The Student News Site of Macalester College

The Mac Weekly

Frag-Ments

By Andy Pragacz

Last week we asked the question: what is political correctness? We partly identified political correctness as an attempt to purify language of certain kinds of bias through the banning of words and/or phrases that have been defined (by politically correct ideology) as somehow negatively portraying ‘subordinate identities’. This week we will interrogate the ban as a strategy for purifying language.

In the first place, the form of the ban is ineffective and does not acknowledge how and why politically incorrect words and phrases are used. In this instance (as in the rest of my discussion of political correctness), I am referring to a conversational usage of such terms as opposed to intentionally harming a person or group of people. Any expression, politically incorrect or not, that is meant to harm and instill fear, is deleterious. Back to the point, most usage of politically incorrect words is not an expression of hostility (including tacit bias) toward minorities. Rather, they are verbal markers of a community like clothes, music, hairstyle etc. We can (and should) interrogate how and why a community uses certain words or phrases but this is a point for a later piece. What is important is that when someone is told such and such a word or phrase is ‘bad’ by an authoritative moralizing ‘NO!’, explicit in the ban, it can be perceived as an attack on that person or a community. Most people do not want to inflict harm on others, but they also want their experiences to be validated.

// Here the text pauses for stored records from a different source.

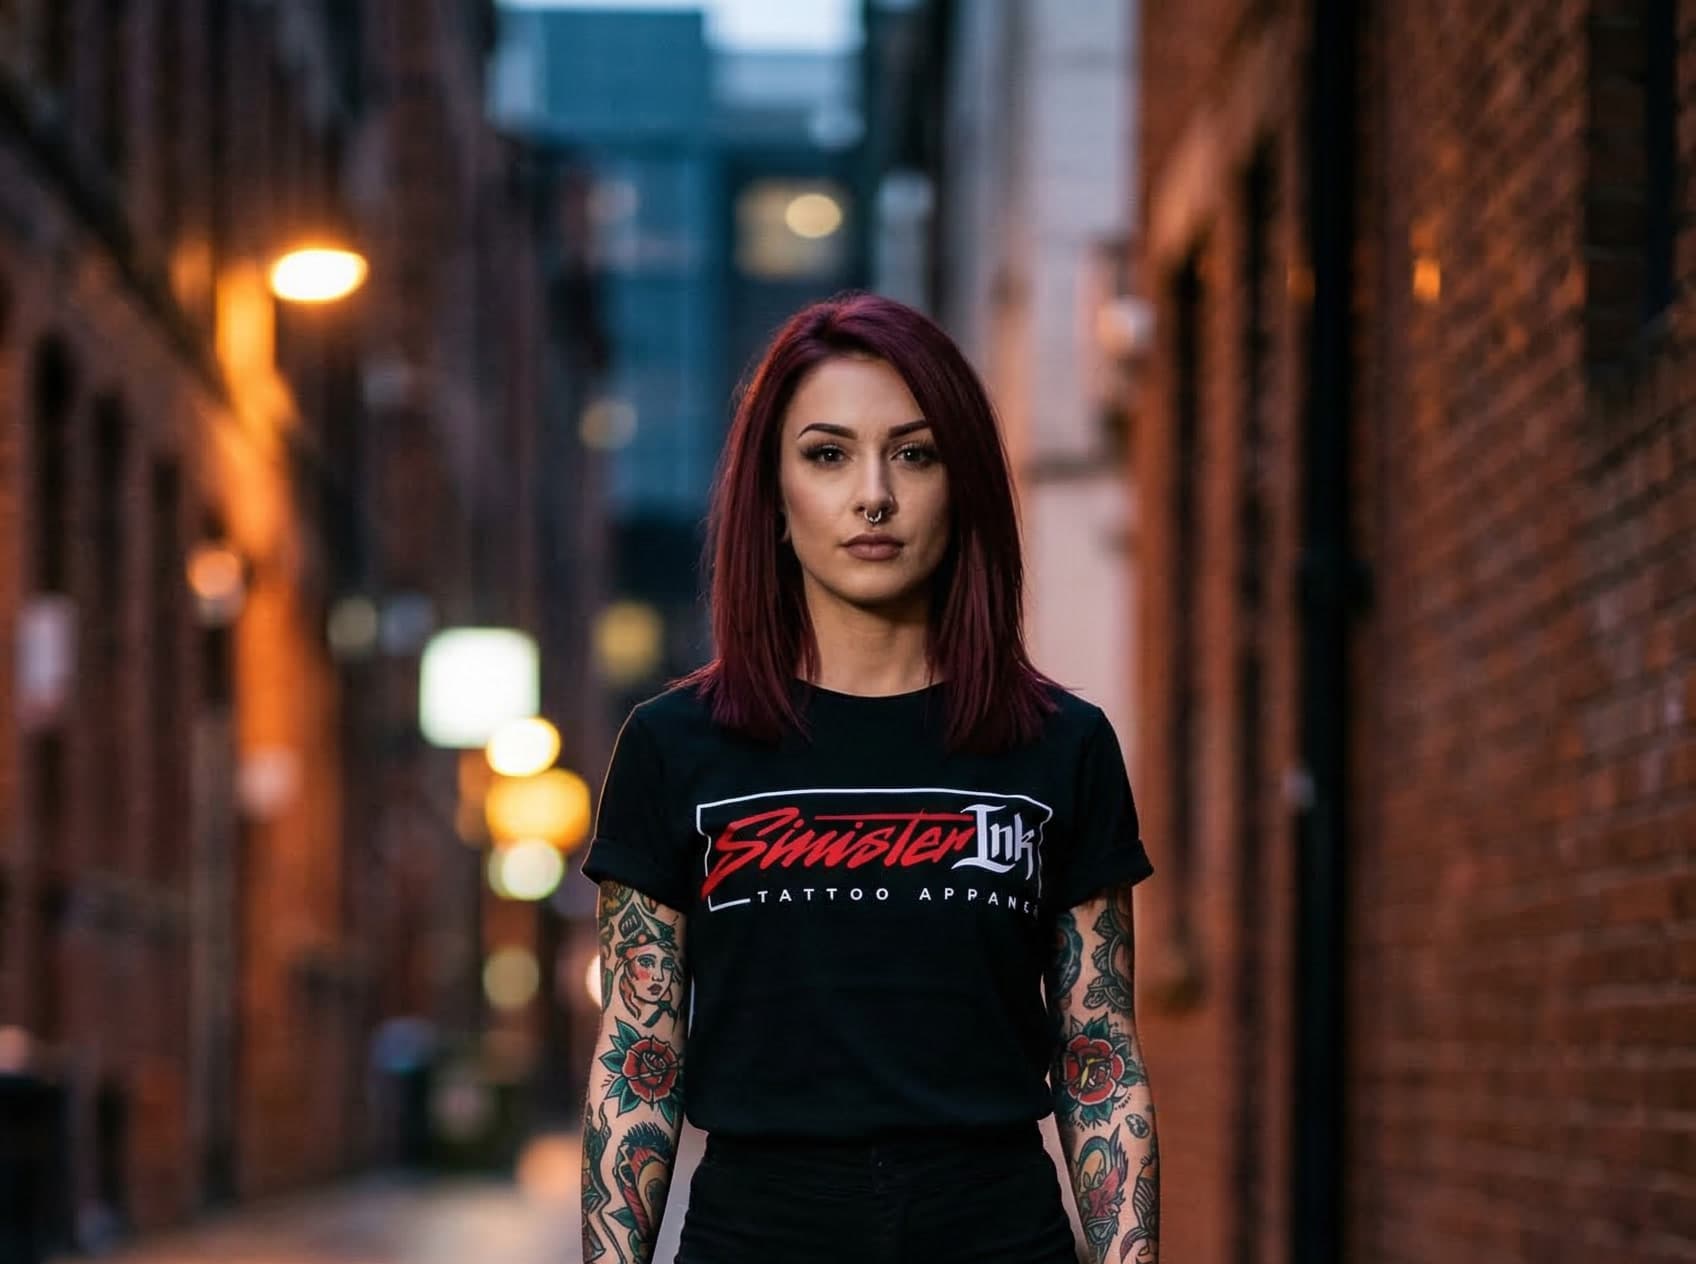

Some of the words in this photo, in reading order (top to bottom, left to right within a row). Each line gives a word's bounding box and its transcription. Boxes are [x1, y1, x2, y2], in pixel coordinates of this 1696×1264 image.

[701, 807, 976, 900] Sinister
[951, 804, 1036, 881] Ink
[757, 887, 890, 903] TATTOO
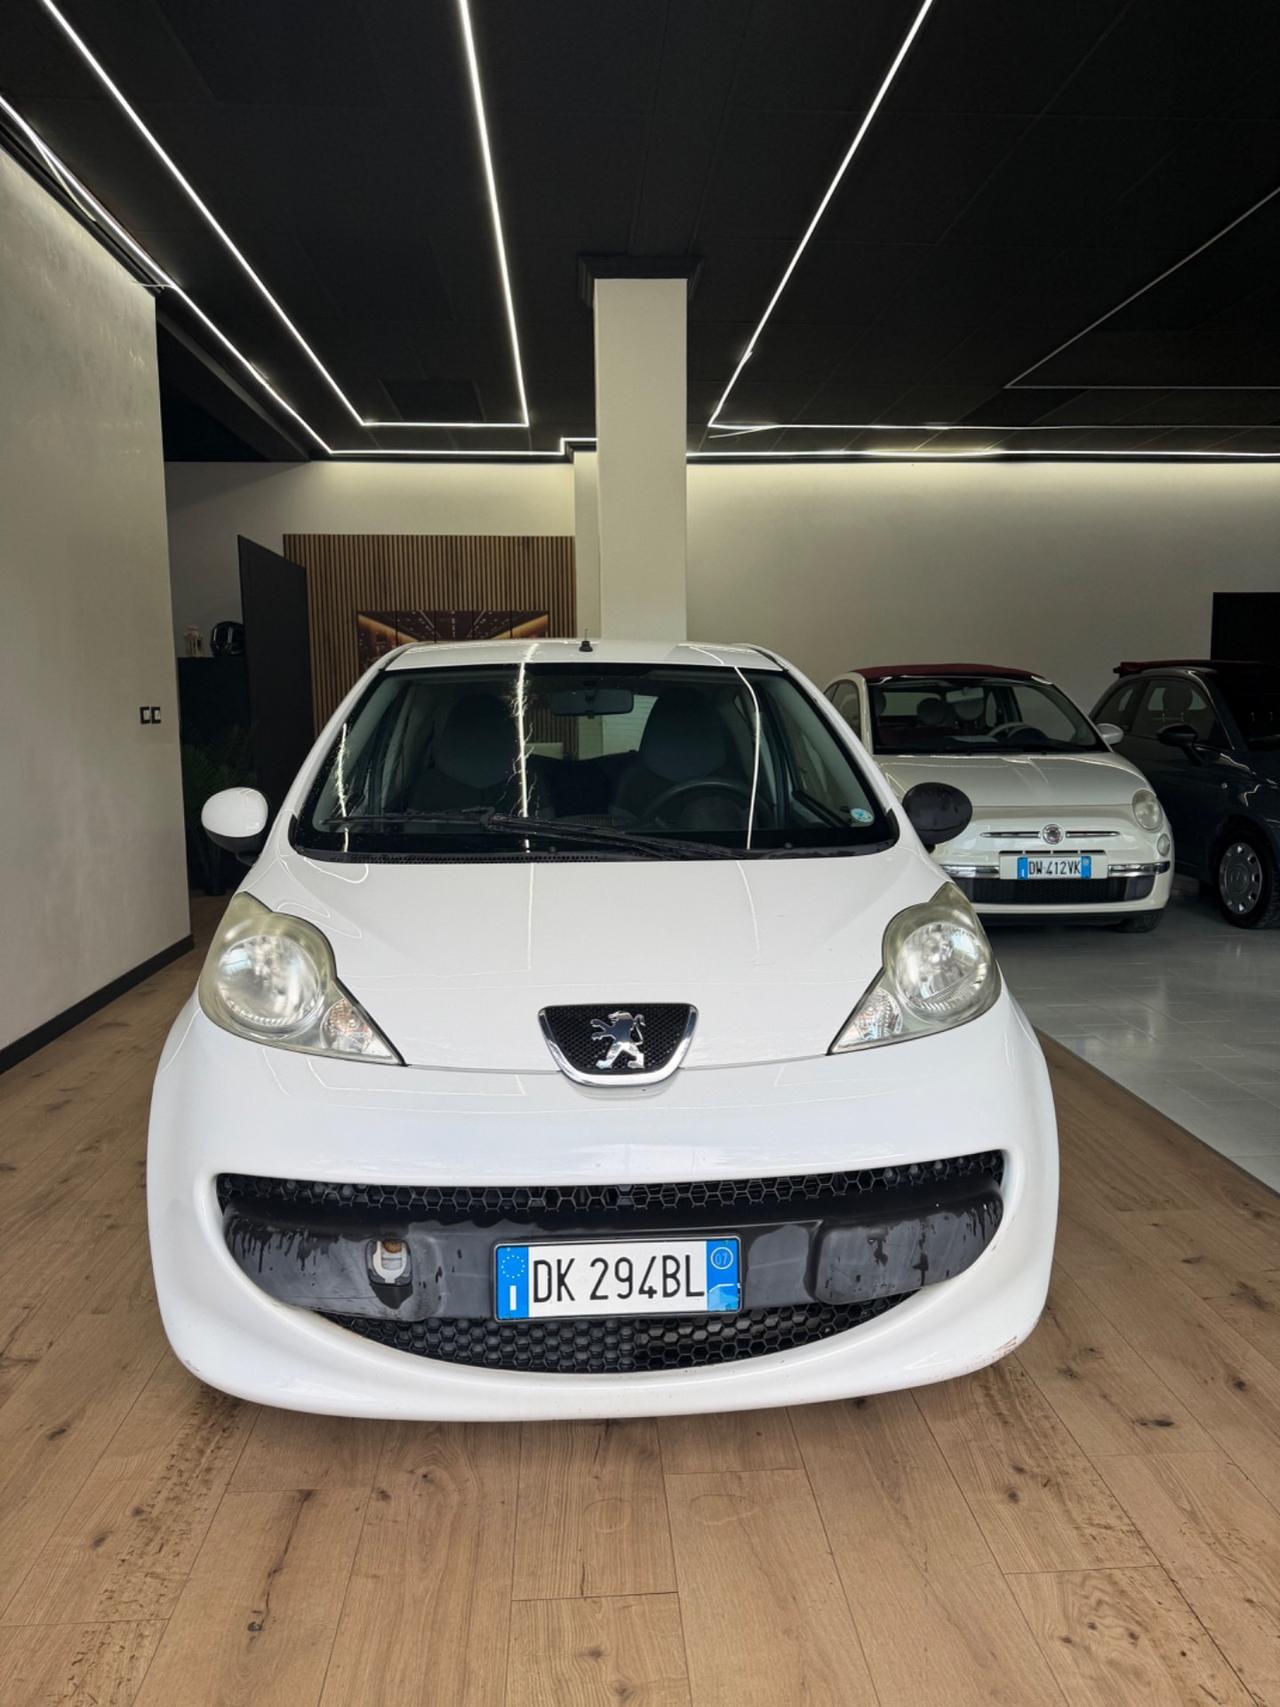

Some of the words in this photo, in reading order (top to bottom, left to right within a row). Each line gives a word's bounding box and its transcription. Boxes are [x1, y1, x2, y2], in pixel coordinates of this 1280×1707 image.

[1028, 861, 1043, 875] DW
[1046, 860, 1081, 874] 412VK
[715, 1252, 728, 1265] 07
[533, 1258, 575, 1303] DK
[590, 1255, 705, 1300] 294BL
[509, 1285, 517, 1311] I

The ‘NO!’ of the ban in itself cannot do this.

Furthermore, as the old maxim goes: ‘laws were made to be broken’ and insofar as political correctness is the law of a ‘tolerant’ and ‘liberal’ society, politically incorrect utterances become an expression (albeit perhaps a poor one) of a person’s dislike for certain institutions or people associated with political correctness. How many times have you heard attacks on political correctness on FOX News? The critique of political correctness has nothing to do with political correctness, but it is a tool used to attack the liberals in American politics specifically motivated against perceived liberal proselytizing. So instead of removing and confronting bias, dichotomies are created with each side re-represented the Other as Other, i.e. not like them and somehow ‘bad’. The politicization of politically correct ideology is unfortunate, but since the ‘NO!’ of the ban is viewed as an attempt to tell people what not to do it should have been expected.

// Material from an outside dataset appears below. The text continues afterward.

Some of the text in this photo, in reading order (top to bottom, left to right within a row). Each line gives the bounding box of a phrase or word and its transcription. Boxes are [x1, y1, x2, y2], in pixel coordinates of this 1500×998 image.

I want to take an even more controversial stand, not particularly rooted in reality but theoretically sound none the less. Let’s step into the mind of a racist or a homophobe or a misogynist. This person is not someone who hates a minority group, it is rather someone whose identity, be it personal or cultural or both, is dependent on definition against what they are not: women, people of color, or LGBTQ people. The ban in political correctness, the ‘NO!’, acts as an attack on their identity. It is scary to be confronted by the ‘NO!’ which forces you to re-conceptualize yourself as something other than that. And this is where political correctness fails miserably. It doesn’t force us to re-think this, but rather allows bias to stand, especially in the face of such intensity, and condones (because it uses) euphemism as opposed to change. There is no way out, no alternative way of being for the racist/homophobe/misogynist: if you accept political correctness you are a liberal or you are something you do not identify with and worst yet you are not you. There is fear: not necessarily fear of difference but fear of being disembodied from yourself.

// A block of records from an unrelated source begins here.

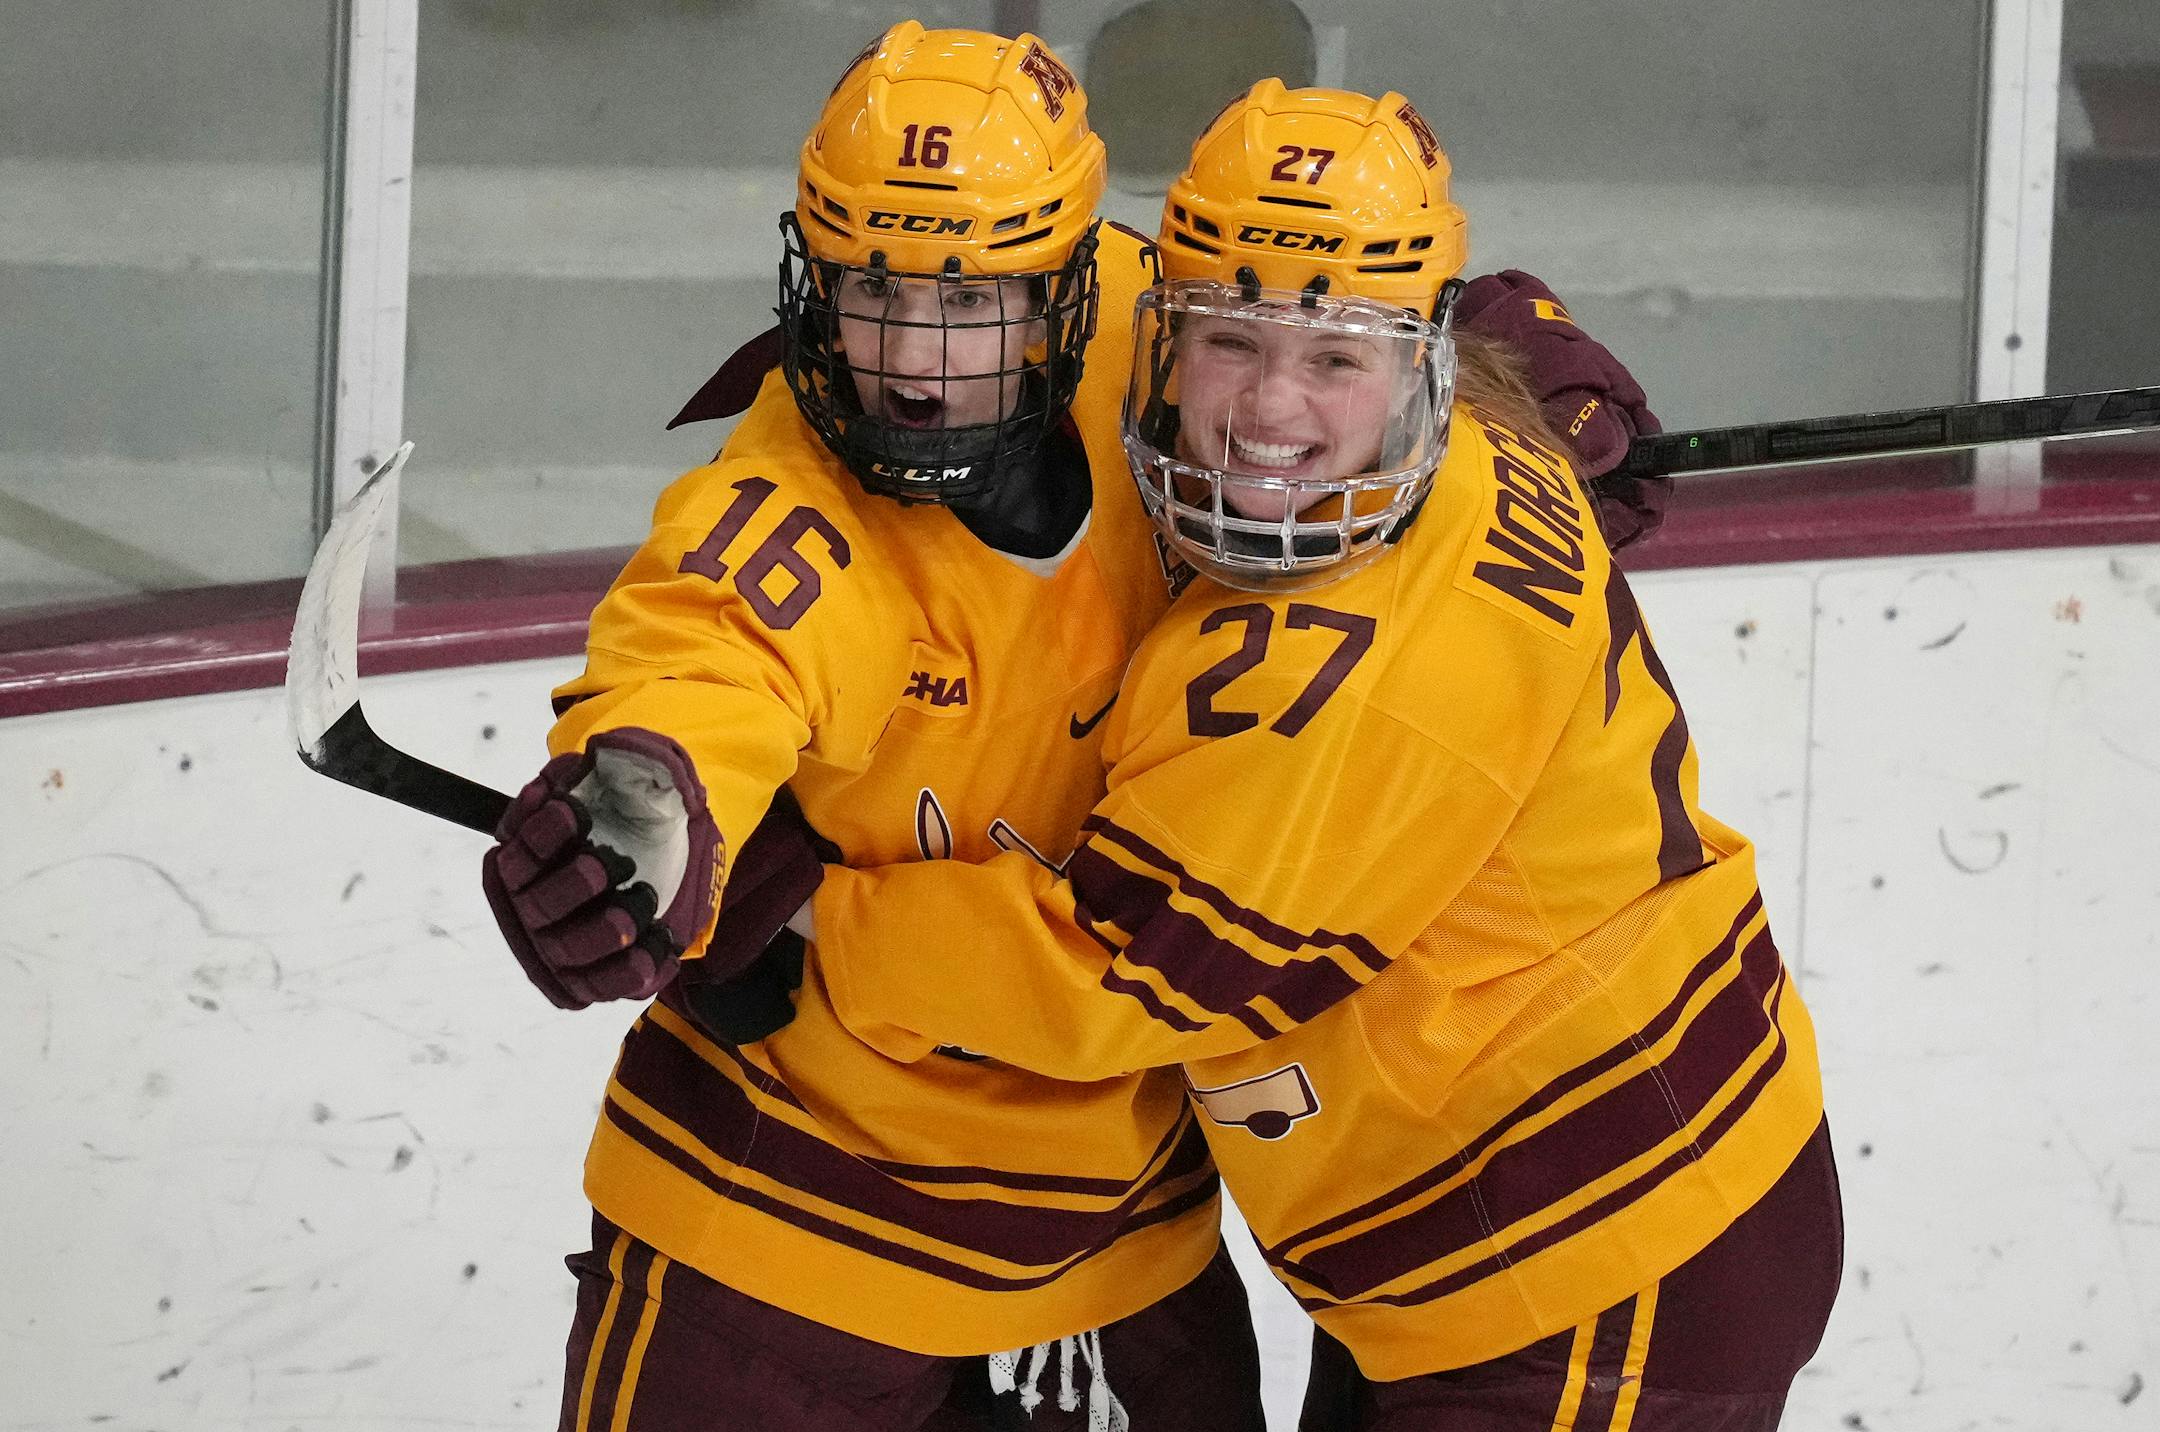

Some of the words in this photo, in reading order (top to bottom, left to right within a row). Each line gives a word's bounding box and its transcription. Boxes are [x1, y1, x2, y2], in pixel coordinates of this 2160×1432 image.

[898, 123, 952, 169] 16
[1270, 144, 1336, 185] 27
[865, 210, 974, 236] CCM
[1236, 224, 1348, 253] CCM
[1568, 399, 1599, 437] CCM
[1689, 437, 1699, 448] 6
[677, 475, 852, 630] 16
[1185, 602, 1377, 738] 27

I would also like to put into consideration that politically correct language acts a verbal communal marker as well. It becomes readily apparent, in some cases, when a person uses the politically correct term as opposed to a ‘normal’ term. Addressed to certain people politically correct language can be just as alienating as politically incorrect verbal formations. Just as slang can be lead to misperceptions about the user and be misunderstood by others, so is the case for both politically correct and politically incorrect speech.

The ban utilized by political correctness is also logically self-defeating because it demonstrates that language cannot be purified. If certain verbal expressions are off limits to utterance, then language as a whole cannot be bias-free. To ignore these expressions is an attempt to put bias ‘out of mind and out of sight,’ which is the opposite of dealing and overcoming bias. And insofar as it is political correctness that has marked certain words and phrase as intrinsically politically incorrect the ban is self-defeating: the ideology gives a Truth to the word, bans the word, thus marking certain words or phrases as ‘unspeakable’; even though certain terms are a part of a language they have been located outside of acceptability.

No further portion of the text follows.